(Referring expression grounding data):
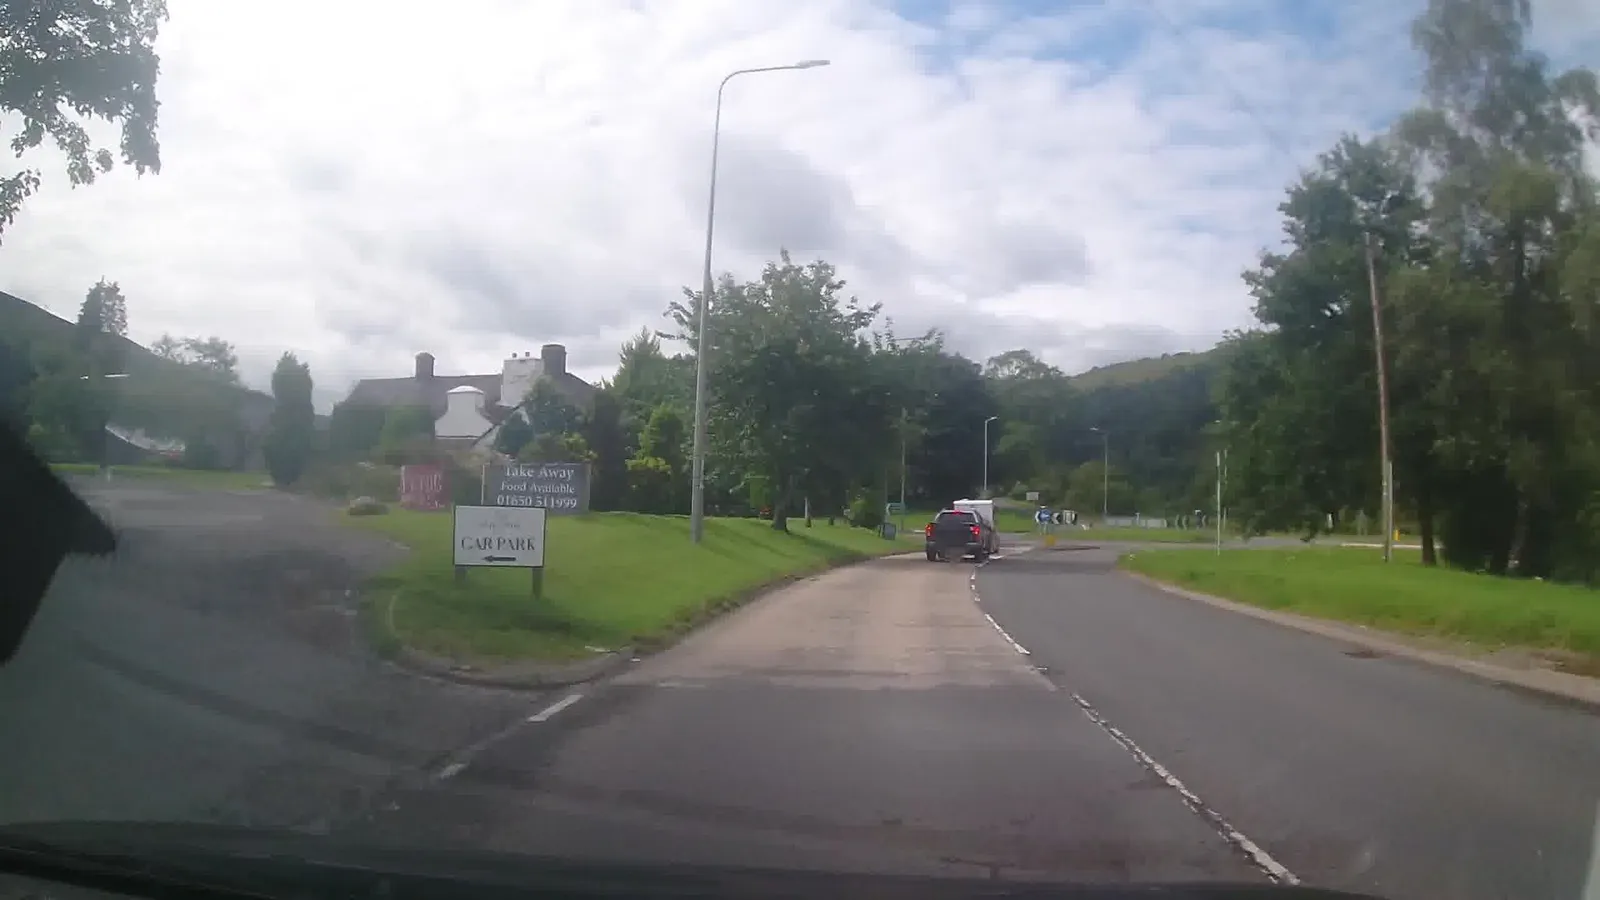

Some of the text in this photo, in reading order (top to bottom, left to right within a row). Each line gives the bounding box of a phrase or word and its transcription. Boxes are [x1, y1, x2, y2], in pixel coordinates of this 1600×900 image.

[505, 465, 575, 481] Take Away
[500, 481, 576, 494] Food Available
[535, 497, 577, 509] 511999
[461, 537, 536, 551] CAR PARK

(PROBLEM TO SOLVE): Reproduce each entry exactly as written, but leave out the images.

(WRITTEN SOLUTION):
Some of the text in this photo, in reading order (top to bottom, left to right within a row). Each line gives the bounding box of a phrase or word and its transcription. Boxes are [x1, y1, x2, y2], in pixel coordinates of this 1600×900 image.

[505, 465, 575, 481] Take Away
[500, 481, 576, 494] Food Available
[535, 497, 577, 509] 511999
[461, 537, 536, 551] CAR PARK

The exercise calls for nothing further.